Kailey Kluge’s friends used to tease her about becoming a Russian spy in a Bond movie, but it seems as though she’ll be working on the other side now that she was named a Boren Scholar last month.
Kluge, a pre-junior international area studies major with a concentration in business and economics and minors in Russian and political science, will study and work abroad in Russia for the 2013-14 school year with funding from the Boren Awards for International Study. She will also spend a year in government service post-award in agreement with the terms of the award.
While studying at St. Petersburg State University through the CIEE St. Petersburg study abroad program for two terms, Kluge will live with a Russian host family. She plans on doing a politics-oriented co-op in Moscow, hopefully at the U.S. Embassy or at a university, for the remainder of the year.

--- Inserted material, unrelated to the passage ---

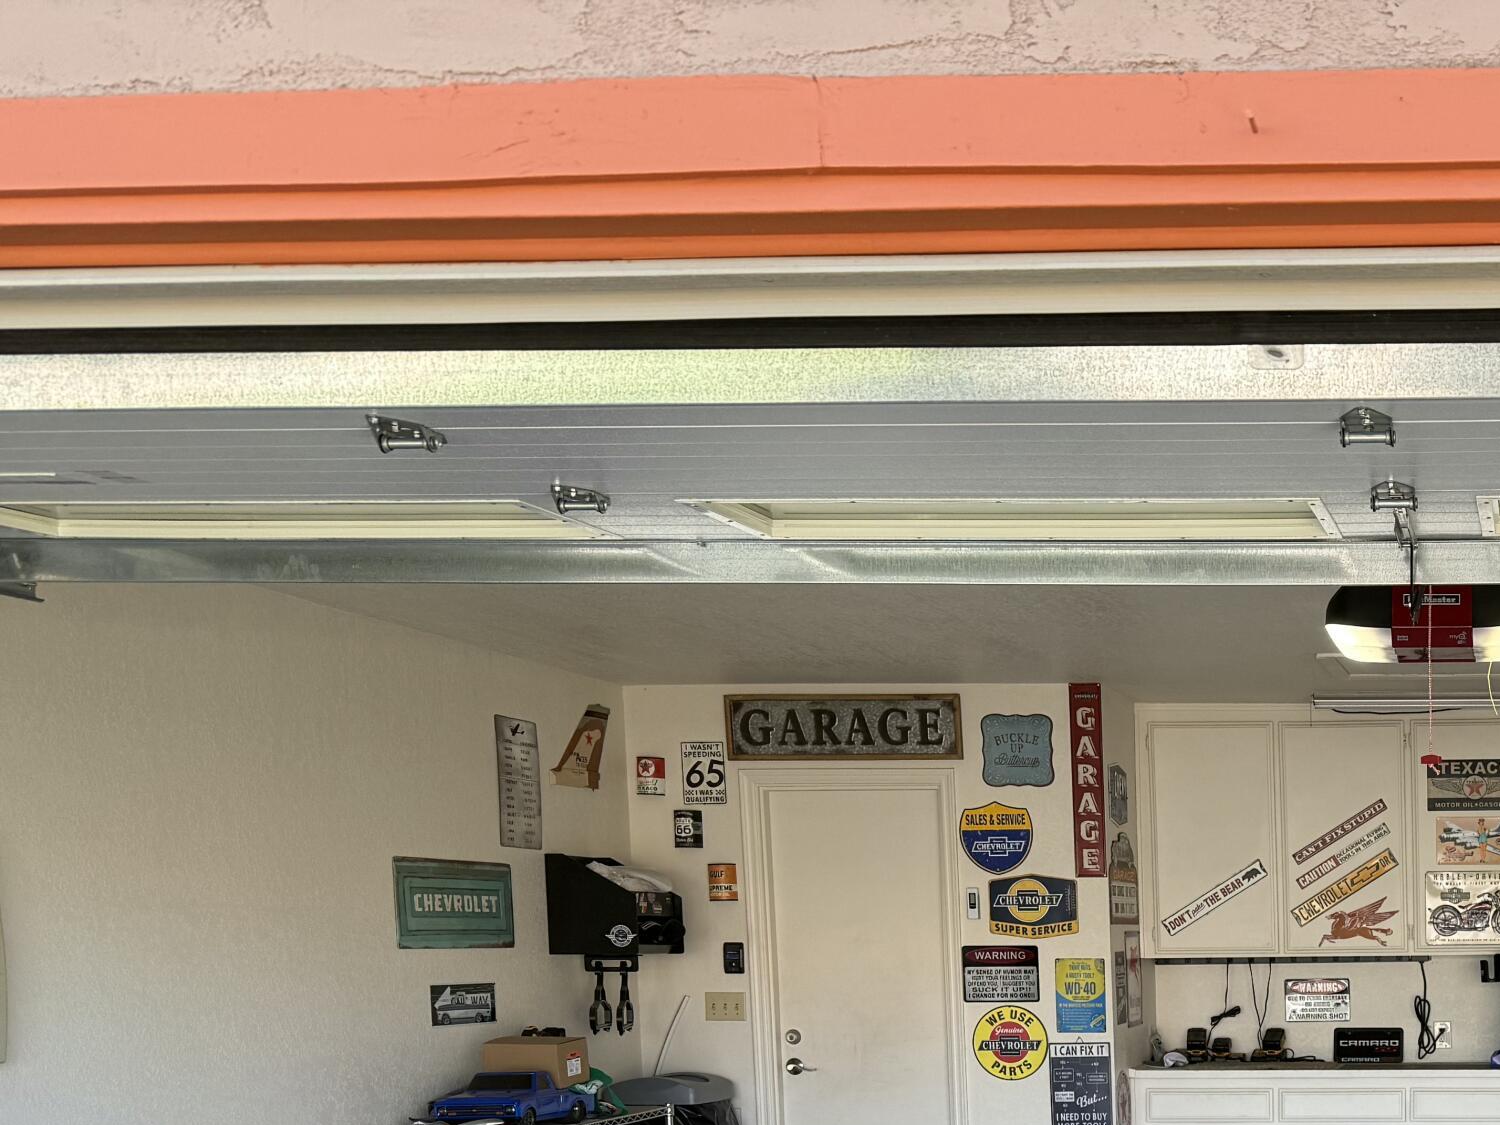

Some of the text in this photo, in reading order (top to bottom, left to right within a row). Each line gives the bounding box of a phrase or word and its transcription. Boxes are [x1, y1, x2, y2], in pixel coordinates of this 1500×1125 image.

“I wanted to apply for the Boren pretty much as soon as I knew it existed,” Kluge said. “It’s all about what I want to do: study the language of a foreign country and work for the government.”
The Boren Scholarship awards up to $20,000 to undergraduate students interested in studying abroad and learning the language of countries that are critical to U.S. interests but underrepresented in study abroad programs.
“This really is an opportunity for people-to-people exchange and for improving relations from the ground up,” said Cindy Schaarschmidt, assistant director of the Drexel Fellowships Office.
Kluge has already exchanged letters and emails and video-chatted with Russian online and pen pals that she met through a language network. She plans on visiting some of them once she arrives in Russia in the fall and has already talked about her plans to study abroad, which were set before she won the Boren Scholar award.
As a freshman, Kluge heard about the Boren scholarship when she started studying Russian. Though she entered Drexel as an English major and later switched to international area studies, the desire to live and study in Russia remained a constant. She plans on working as a Foreign Service officer, with the end goal of being a diplomat in Russia or working with the NSA.
According to Schaarschmidt, Kluge is the first Drexel student to go to Russia with a Boren Scholarship. Previous Drexel Boren Scholarship recipients won awards to live in Jordan, South Korea and Serbia, but only the student who won for Serbia actually ended up accepting for one academic year in 2004.
Kluge found out she won the award 10 days after the Boston Marathon bombings of April 15 that heightened U.S.-Russian tensions after two brothers who immigrated from Russia were named for their suspected involvement in the attack and its aftermath.
“It almost made me feel even more strongly about going,” she said. “I get frustrated by misconceptions.”
Considering the purpose and expectations of the Boren Scholar award, it seems like she’s the right girl for the job.
The Boren Awards, established by the National Security Education Program , are designed to build a broader and more qualified pool of U.S. citizens with foreign language and international skills. Established by Congress in 1991, the Boren Awards provide funding for U.S. undergraduate and graduate students to study the languages and cultures of Africa, Asia, Central & Eastern Europe, Eurasia, Latin America and the Middle East.